## DIRECTIONS
When you output the records, match them exactly and omit any picture they include.

**** EXERCISE MATERIALS

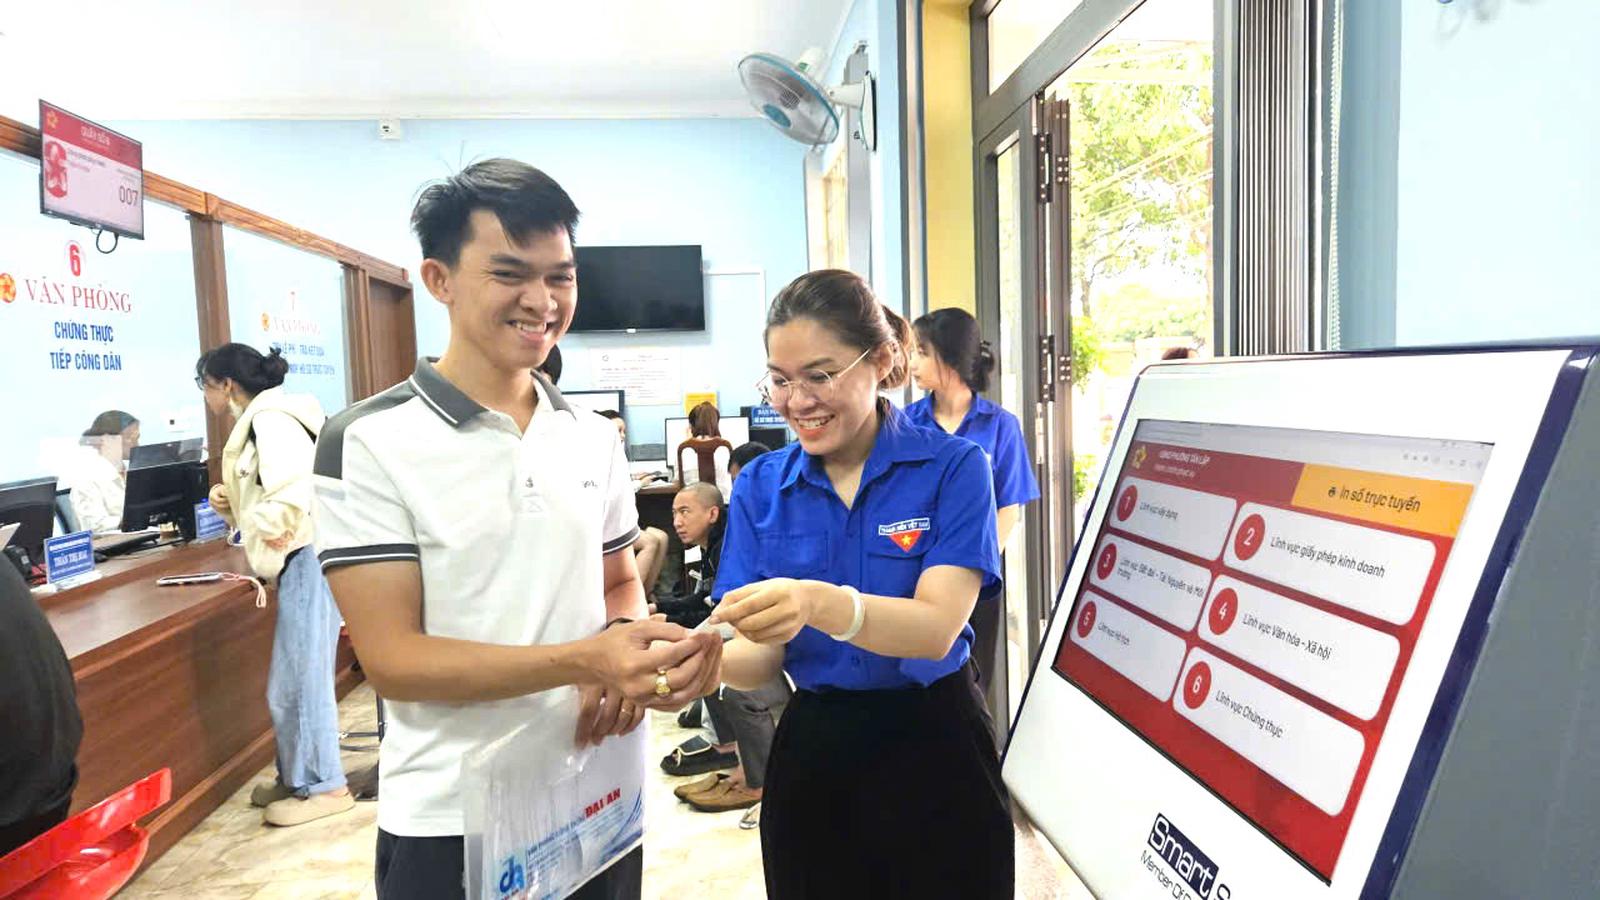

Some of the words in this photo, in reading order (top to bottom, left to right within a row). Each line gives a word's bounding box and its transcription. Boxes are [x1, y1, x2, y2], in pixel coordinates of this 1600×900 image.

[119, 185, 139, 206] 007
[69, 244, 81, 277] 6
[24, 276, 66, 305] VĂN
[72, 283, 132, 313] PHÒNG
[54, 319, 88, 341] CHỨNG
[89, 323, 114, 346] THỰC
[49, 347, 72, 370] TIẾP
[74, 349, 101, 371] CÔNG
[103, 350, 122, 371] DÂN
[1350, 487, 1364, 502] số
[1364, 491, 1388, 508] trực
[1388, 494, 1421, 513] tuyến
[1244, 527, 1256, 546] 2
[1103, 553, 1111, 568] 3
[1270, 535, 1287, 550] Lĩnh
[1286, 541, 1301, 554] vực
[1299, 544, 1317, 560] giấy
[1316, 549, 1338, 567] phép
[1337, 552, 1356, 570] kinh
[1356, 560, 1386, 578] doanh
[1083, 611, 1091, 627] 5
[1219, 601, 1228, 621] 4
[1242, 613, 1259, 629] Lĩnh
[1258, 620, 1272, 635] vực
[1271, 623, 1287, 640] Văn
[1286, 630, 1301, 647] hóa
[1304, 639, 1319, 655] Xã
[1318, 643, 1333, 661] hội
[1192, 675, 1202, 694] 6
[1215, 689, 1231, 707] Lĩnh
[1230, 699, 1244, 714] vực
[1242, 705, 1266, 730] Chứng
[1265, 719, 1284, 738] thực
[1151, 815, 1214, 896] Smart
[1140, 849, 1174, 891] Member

********

## RESULT
Some of the words in this photo, in reading order (top to bottom, left to right within a row). Each line gives a word's bounding box and its transcription. Boxes are [x1, y1, x2, y2], in pixel coordinates of this 1600×900 image.

[119, 185, 139, 206] 007
[69, 244, 81, 277] 6
[24, 276, 66, 305] VĂN
[72, 283, 132, 313] PHÒNG
[54, 319, 88, 341] CHỨNG
[89, 323, 114, 346] THỰC
[49, 347, 72, 370] TIẾP
[74, 349, 101, 371] CÔNG
[103, 350, 122, 371] DÂN
[1350, 487, 1364, 502] số
[1364, 491, 1388, 508] trực
[1388, 494, 1421, 513] tuyến
[1244, 527, 1256, 546] 2
[1103, 553, 1111, 568] 3
[1270, 535, 1287, 550] Lĩnh
[1286, 541, 1301, 554] vực
[1299, 544, 1317, 560] giấy
[1316, 549, 1338, 567] phép
[1337, 552, 1356, 570] kinh
[1356, 560, 1386, 578] doanh
[1083, 611, 1091, 627] 5
[1219, 601, 1228, 621] 4
[1242, 613, 1259, 629] Lĩnh
[1258, 620, 1272, 635] vực
[1271, 623, 1287, 640] Văn
[1286, 630, 1301, 647] hóa
[1304, 639, 1319, 655] Xã
[1318, 643, 1333, 661] hội
[1192, 675, 1202, 694] 6
[1215, 689, 1231, 707] Lĩnh
[1230, 699, 1244, 714] vực
[1242, 705, 1266, 730] Chứng
[1265, 719, 1284, 738] thực
[1151, 815, 1214, 896] Smart
[1140, 849, 1174, 891] Member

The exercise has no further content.